É paliativo?
O que?
Não entendi, mas minha filha respondeu para a
enfermeira que sim.
De tudo, isto é o que mais me pesa e dói até hoje.
O logo antes e o depois já foram, a muito custo,
digeridos, entendidos creio; inclusive com pequenas passagens alegres,
divertidas ou ao menos engraçadas.
Paliativo foi e é ainda demais.
Ele é a presença que sempre foi e será sempre, do
maninho sapeca, malandro, sempre aprontando tantas, sempre moleque, sonhador
inconstante, mas trabalhador sim, meu maninho, meu quase que alter ego, eu que
também fui e sou um tanto assim.
Logo ou um pouco antes me comovi com ele escovando os
dentes e ensinando como isto era bom, com as pitadinhas que demos ele encostado
à janela, das mentalizações que fiz, agarrado às suas mãos ou passando minha
mão em seu corpo, mandando que as células doentes se transformassem em
autofágicas comedoras das outras...
Maninho, tudo isto ainda era bom, havia sempre um fio,
tênue, improvável, mas havia em mim, em nós todos, esperança do milagre.
“Paliativo” acabou comigo! Acabou e me acaba até hoje.

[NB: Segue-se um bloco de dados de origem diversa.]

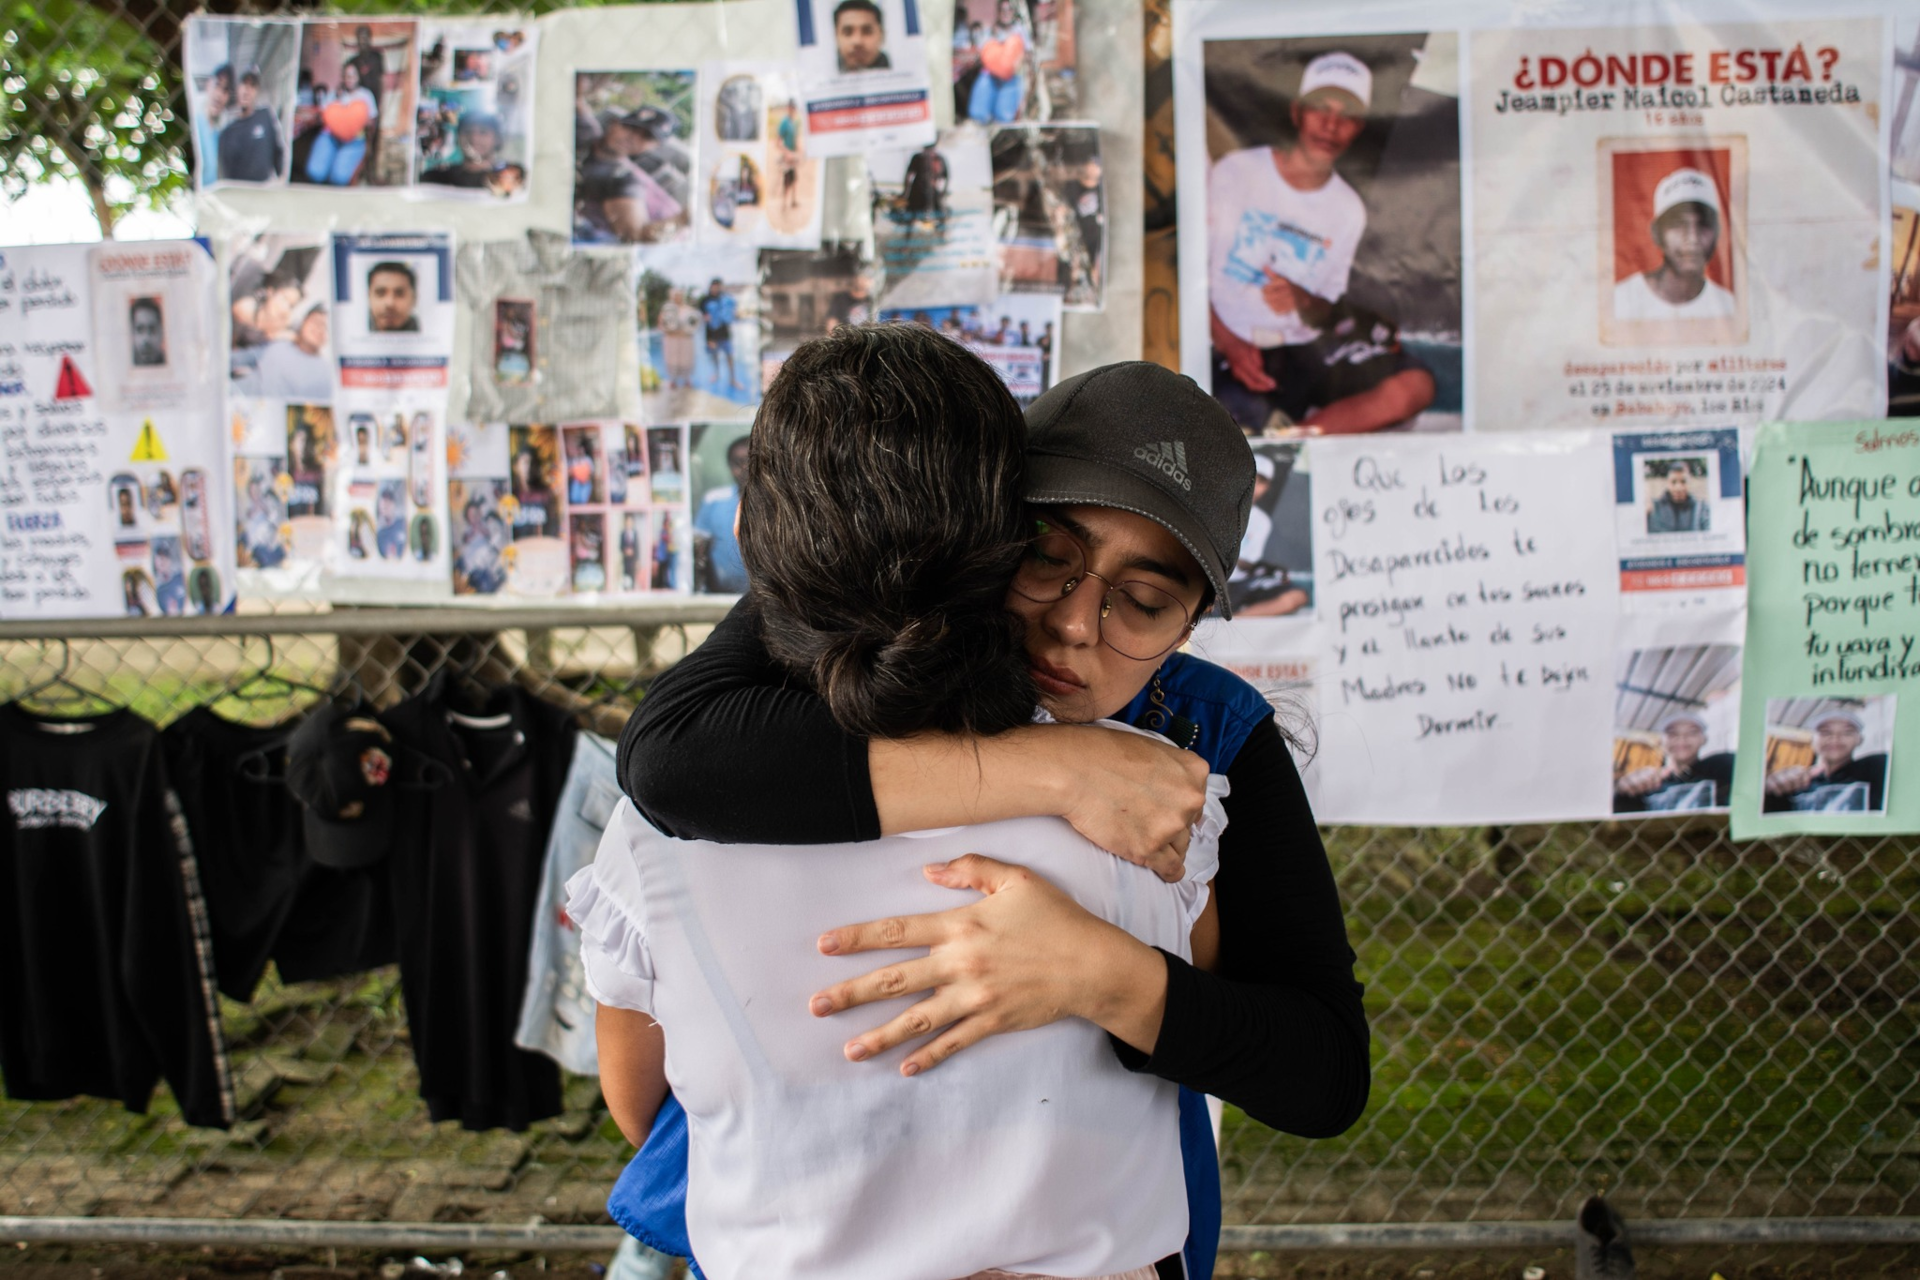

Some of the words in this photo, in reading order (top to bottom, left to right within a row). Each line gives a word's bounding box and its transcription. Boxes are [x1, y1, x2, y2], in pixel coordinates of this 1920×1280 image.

[1514, 47, 1694, 91] ¿DÓNDE
[1709, 42, 1840, 84] ESTÁ?
[1134, 447, 1192, 491] adidas
[1353, 456, 1406, 493] Que
[1323, 500, 1376, 540] ojos
[1414, 486, 1439, 518] de
[1793, 508, 1819, 550] de
[1327, 532, 1490, 586] Desaparecidos
[1804, 558, 1840, 586] no
[1803, 590, 1895, 628] porque
[1404, 623, 1469, 651] llanto
[1490, 620, 1513, 645] de
[1900, 633, 1915, 668] y
[1341, 672, 1426, 704] Madres

Logo e nos poucos dias depois o beijei, abracei, e de
mãos dadas nós dois sonhávamos viajar num veleiro lindo, muito melhor que o que
sua irmãzinha fez de tudo pra lhe dar. Ela, que não teve outro irmão assim, o
adora e me diz que sim, seu veleiro é beleza!
Imagens de você muito pequenino, sentado ao penico,
odiando o cheiro de seu próprio cocô, mãozinhas tapando o nariz com o lenço com
perfume que a mãe lhe dava, dizendo “Espera, ainda tem um pouco aqui na
cabecinha”.
Você e a meio-prima, pequeninos na porta de casa, sentados
sobre as pernas, fingindo-se amputados, vendendo revistinhas velhas.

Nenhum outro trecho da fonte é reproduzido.